Best Time to Buy and Sell Stock II

Say you have an array for which the i^th element is the price of a given stock on day i.

Design an algorithm to find the maximum profit. You may complete as many transactions as you like (ie, buy one and sell one share of the stock multiple times). However, you may not engage in multiple transactions at the same time (ie, you must sell the stock before you buy again).

Example
Given an example [2,1,2,0,1], return 2.

Java
Time complexity: O(N)
Space complexity: O(1)

class Solution {
    /**
     * @param prices: Given an integer array
     * @return: Maximum profit
     * As a solution one can find sum of contiguous delta trades, where 
     * 'delta trade' stands for buy-sell compound transaction.
     */
    public int maxProfit(int[] prices) {
        // write your code here
        if (prices == null || prices.length <= 0){
            return 0;
        }
        
        int profit = 0;
        
        for (int i = 1; i < prices.length; ++i){
            profit += Math.max(0, prices[i] - prices[i-1]);
        }
        
        return profit;
    }
}

 

Best Time to Buy and Sell Stock III

Say you have an array for which the i^th element is the price of a given stock on day i.

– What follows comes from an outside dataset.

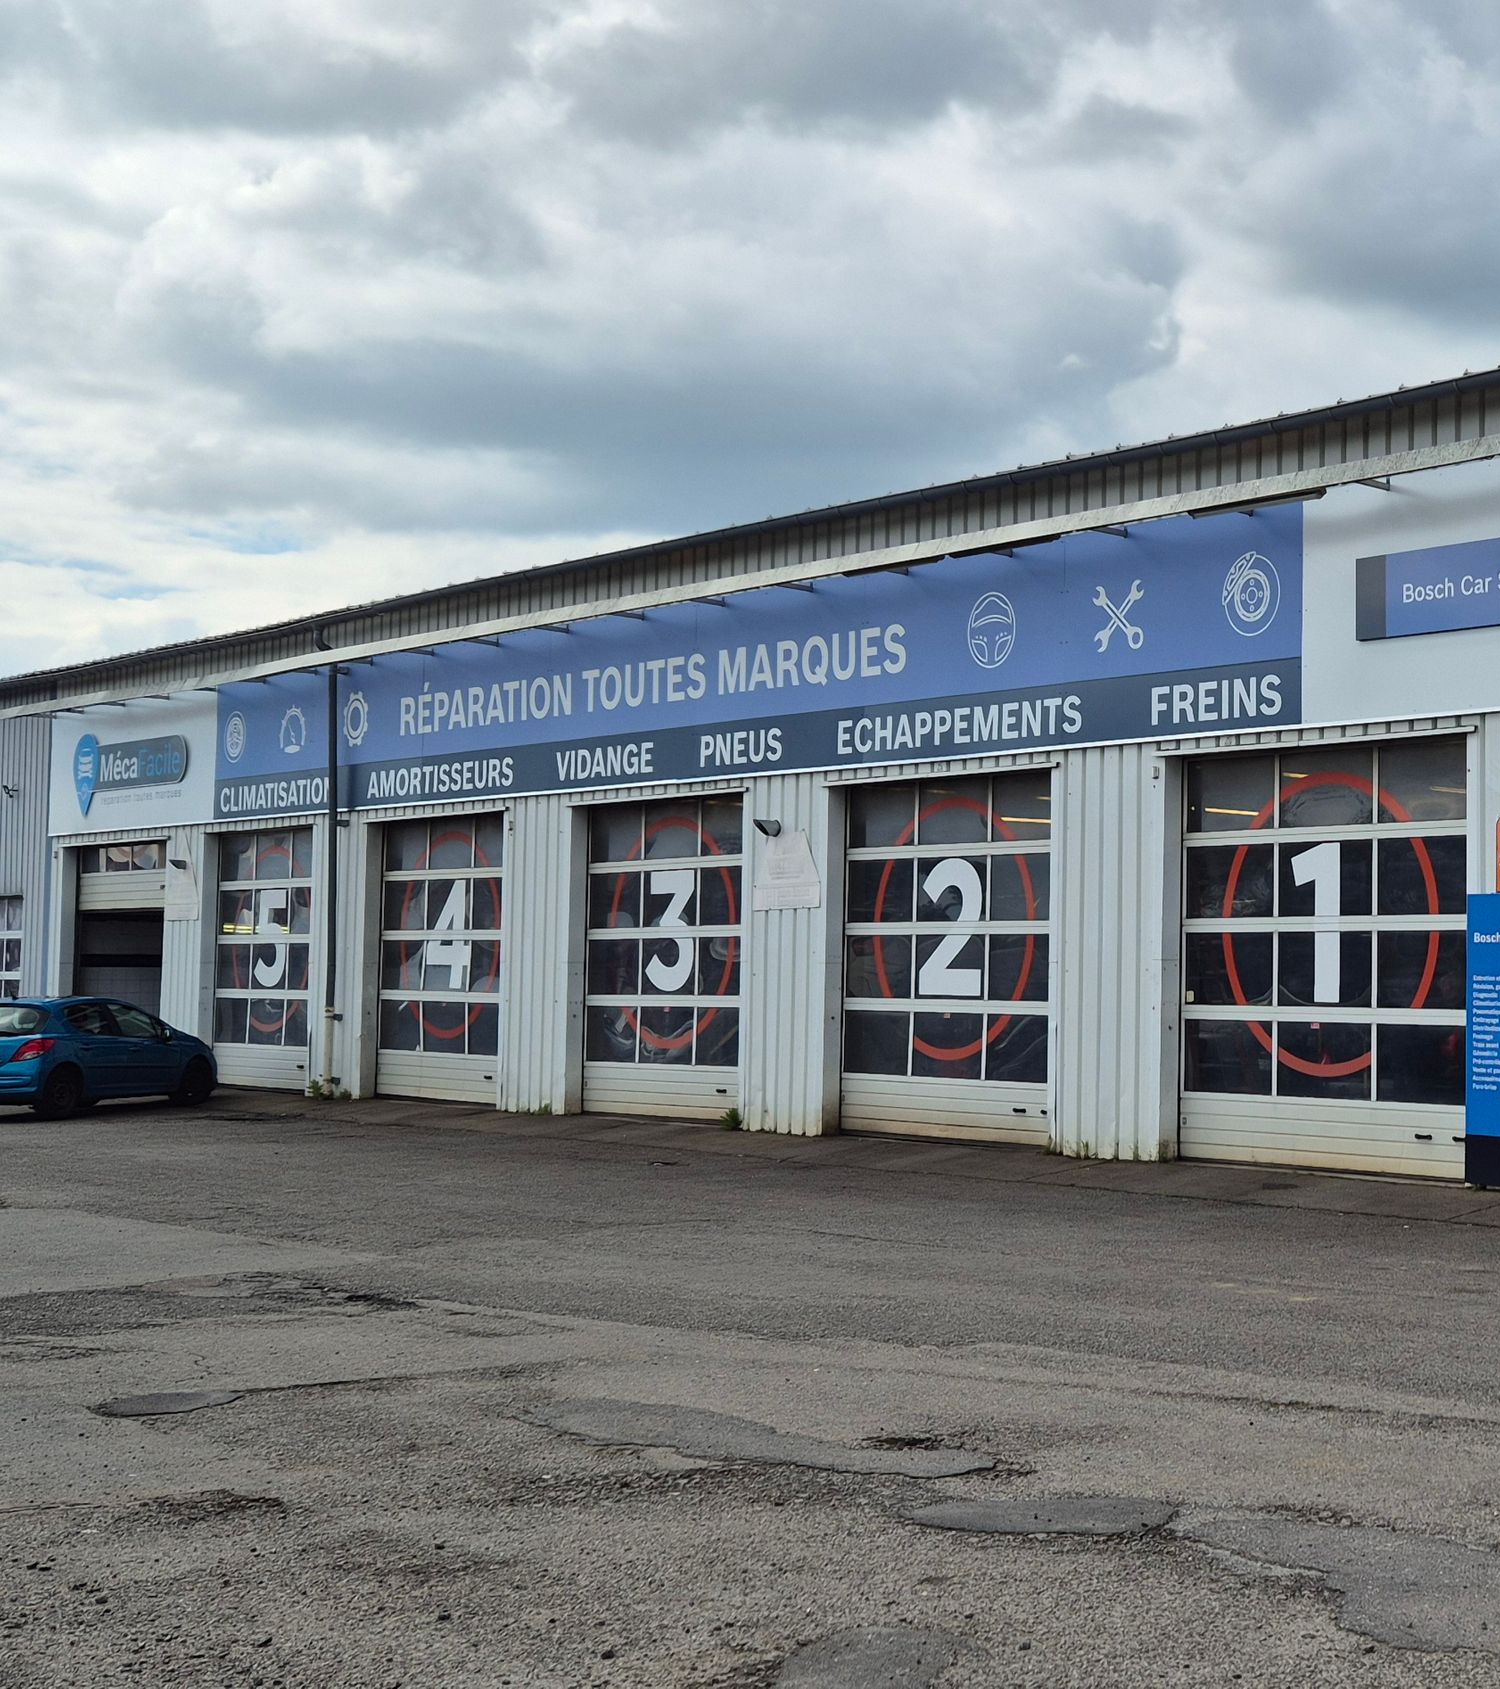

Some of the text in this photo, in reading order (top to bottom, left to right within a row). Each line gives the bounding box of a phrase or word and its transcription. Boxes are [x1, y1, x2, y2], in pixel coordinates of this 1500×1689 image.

Design an algorithm to find the maximum profit. You may complete at most two transactions.

Notice : You may not engage in multiple transactions at the same time (ie, you must sell the stock before you buy again).

Example

Given an example [4,4,6,1,1,4,2,5], return 6.

Java
Time complexity: O(N)
Space complexity: O(1)

class Solution {
    /**
     * @param prices: Given an integer array
     * @return: Maximum profit
     */
    public int maxProfit(int[] prices) {
        // write your code here
        if (prices == null || prices.length == 0){
            return 0;
        }
        
        int buyFirst = Integer.MIN_VALUE;
        int sellFirst = 0;
        int buySecond = Integer.MIN_VALUE;
        int sellSecond = 0;
        
        for (int i = 0; i < prices.length; ++i){
            buyFirst = Math.max(buyFirst, -prices[i]);
            sellFirst = Math.max(buyFirst + prices[i], sellFirst);
            buySecond = Math.max(buySecond, sellFirst - prices[i]);
            sellSecond = Math.max(sellSecond, buySecond + prices[i]);
        }
        
        return sellSecond;
    }
}

Check If Graph is Bipartite

A Bipartite Graph is a graph whose vertices can be divided into two independent sets, U and V such that every edge (u, v) either connects a vertex from U to V or a vertex from V to U. In other words, for every edge (u, v), either u belongs to U and v to V, or u belongs to V and v to U. We can also say that there is no edge that connects vertices of same set.
A bipartite graph is possible if the graph coloring is possible using two colors such that vertices in a set are colored with the same color.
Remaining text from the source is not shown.